AbstractRapid collagen breakdown in the postpartum rat uterus is accompanied by rising collagenase activity (Jeffrey and Gross, '70) and a transient infiltration of the stroma by heterophils, eosinophils, monocyte‐macro‐phages, lymphocytes, and plasma cells (Padykula and Campbell, '76), cells usually associated with inflammatory response. This uterine catabolism is initiated soon after birth while blood estrogen and progesterone levels are low. To investigate the hormonal factors involved in regulation of this postpartum stromal differentiation, we analyzed the cytological effects of experimentally elevating progesterone and estradiol levels in the peripartum period by following the protocol of biochemical experiments that have demonstrated inhibition of collagenase activity by progesterone (Koob and Jeffrey, '74) and estradiol (Ryan and Woessner, '74).Prolonged gestation (progesterone, 10 mg/day starting on day 19 gestation) was used as a condition to prevent the prenatal drop in blood progesterone; this treatment was the most effective in blocking postpartum stromal differentiation.
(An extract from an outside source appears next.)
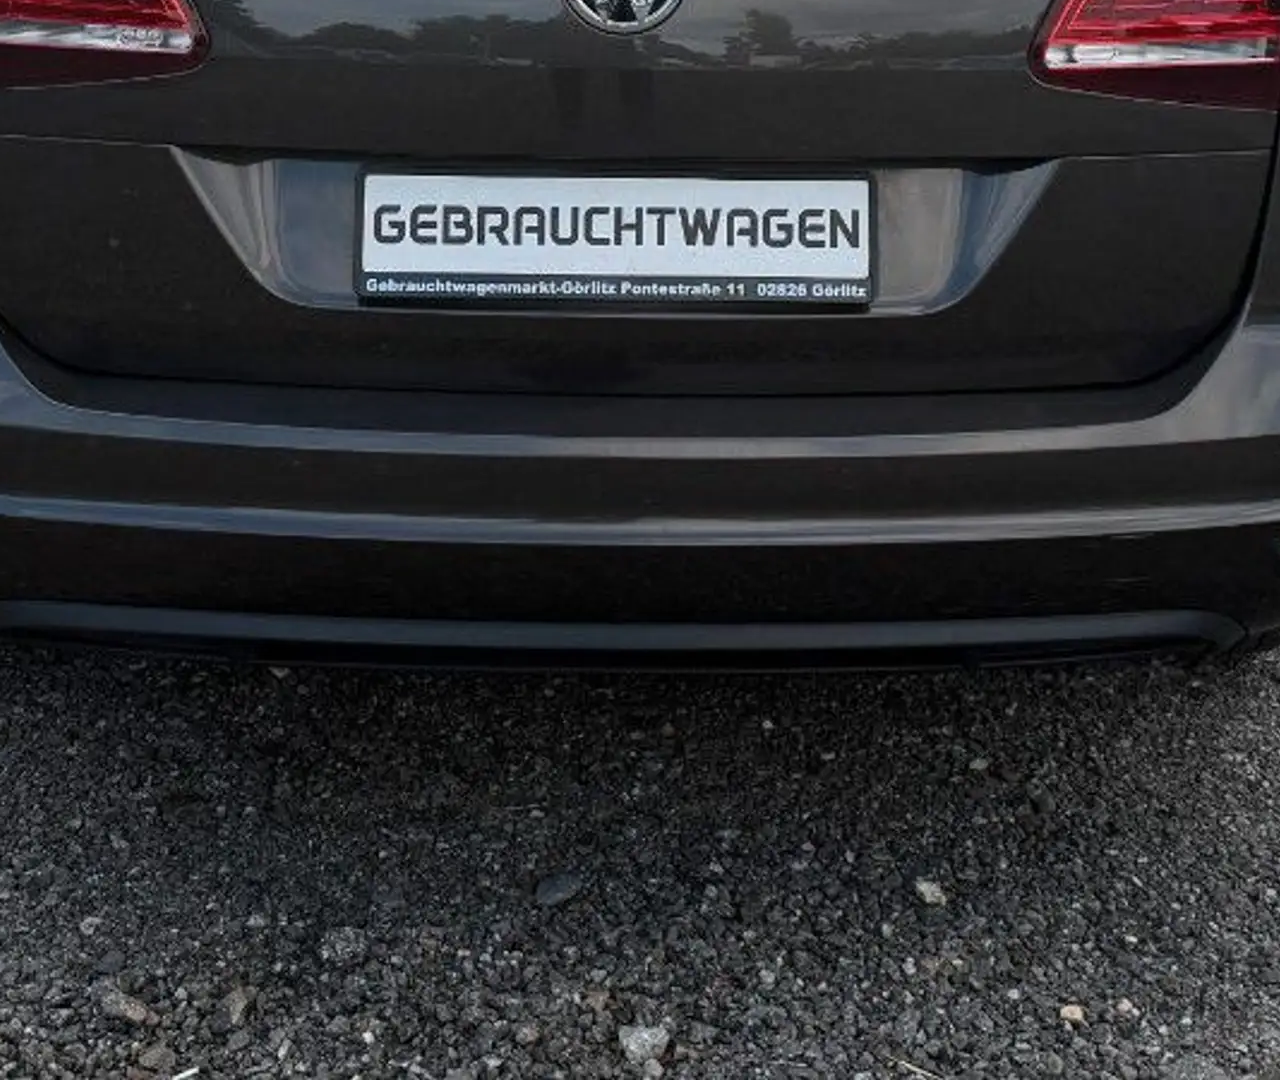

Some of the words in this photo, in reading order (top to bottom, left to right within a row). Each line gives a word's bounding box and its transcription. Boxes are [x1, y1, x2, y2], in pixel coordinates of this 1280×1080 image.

It preserved the state of prepartum uterine differentiation and most importantly it prevented monocytic‐macrophagic conversion. Progesterone (40 mg/day) given at birth delayed but did not block stromal differentiation during the first 48 hours; by 72 hours collagen loss was extensive in both control and progesterone‐treated rats and numerous macrophages were present. Estradiol (100 μg/day) given at birth caused a greater delay in stromal differentiation than progesterone given at birth; for approximately 48 hours the number of eo‐sinophils, heterophils, and macrophages was less than normal. By day 3 the number and distribution of the macrophages resembled that of the day 1 control uteri. Overall these experiments indicate that the low estrogen and progesterone levels at birth are essential for normal stromal regression. Since these transient cells originate from the blood, the temporal pattern of their emigration into the uterus may be under hormonal control. Experimental disturbance of this pattern influences the course of collagen resorption.